Glioma resection under conscious (“awake”) sedation (CS) is used for eloquent areas of the brain to minimize postoperative neurological deficits. The objective of this study was to compare the duration of hospital stay, overall hospital cost, perioperative morbidity, and postoperative patient functional status in patients whose gliomas were resected using CS versus general endotracheal anesthesia (GEA).

Methods

Twenty-two cases in 20 patients who underwent surgery for cerebral gliomas under CS and a matched cohort of 22 cases in 19 patients who underwent surgery under GEA over a 3-year period were retrospectively evaluated.
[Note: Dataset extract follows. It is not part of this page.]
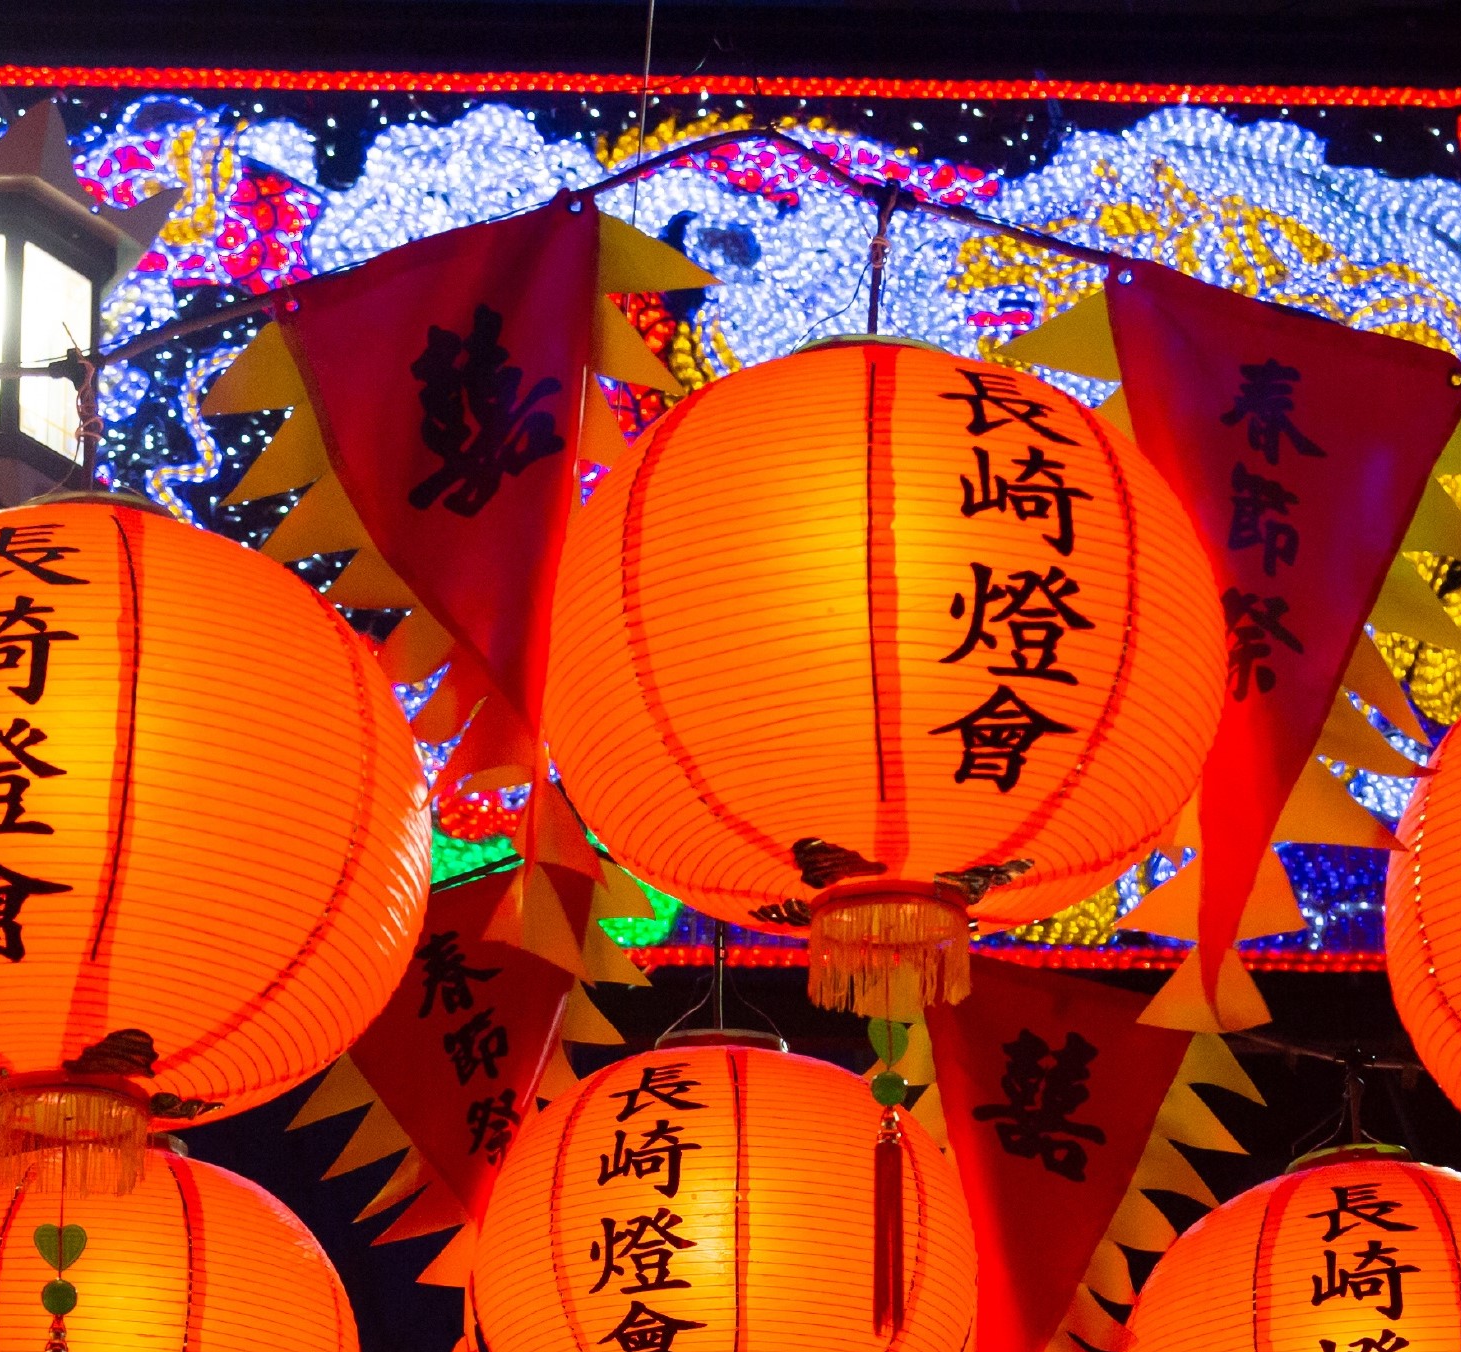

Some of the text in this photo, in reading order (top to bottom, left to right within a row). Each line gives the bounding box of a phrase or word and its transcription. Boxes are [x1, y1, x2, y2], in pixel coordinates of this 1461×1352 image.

[929, 368, 1096, 794] 長崎燈會
[1220, 357, 1328, 703] 春節祭
[415, 931, 521, 1165] 春節祭
Criteria for inclusion in the study were as follows: 1) a single cerebral lesion; 2) gross-total resection as evidenced by postoperative Gd-enhanced MR imaging within 48 hours of surgery; 3) a WHO Grade II, III, or IV glioma; 4) a supratentorial lesion location; 5) a Karnofsky Performance Scale score ≥ 70; 6) an operation performed by the same neurosurgeon; and 7) an elective procedure.

Results

The average hospital stay was significantly different between the 2 groups: 3.5 days for patients who underwent CS and 4.6 days for those who underwent GEA. This result translated into a significant decrease in the average inpatient cost after intensive care unit (ICU) care for the CS group compared with the GEA group. Other variables were not significantly different.

Conclusions

Patients undergoing glioma resection using CS techniques have a significantly shorter hospital stay with reduced inpatient hospital expenses after postoperative ICU care.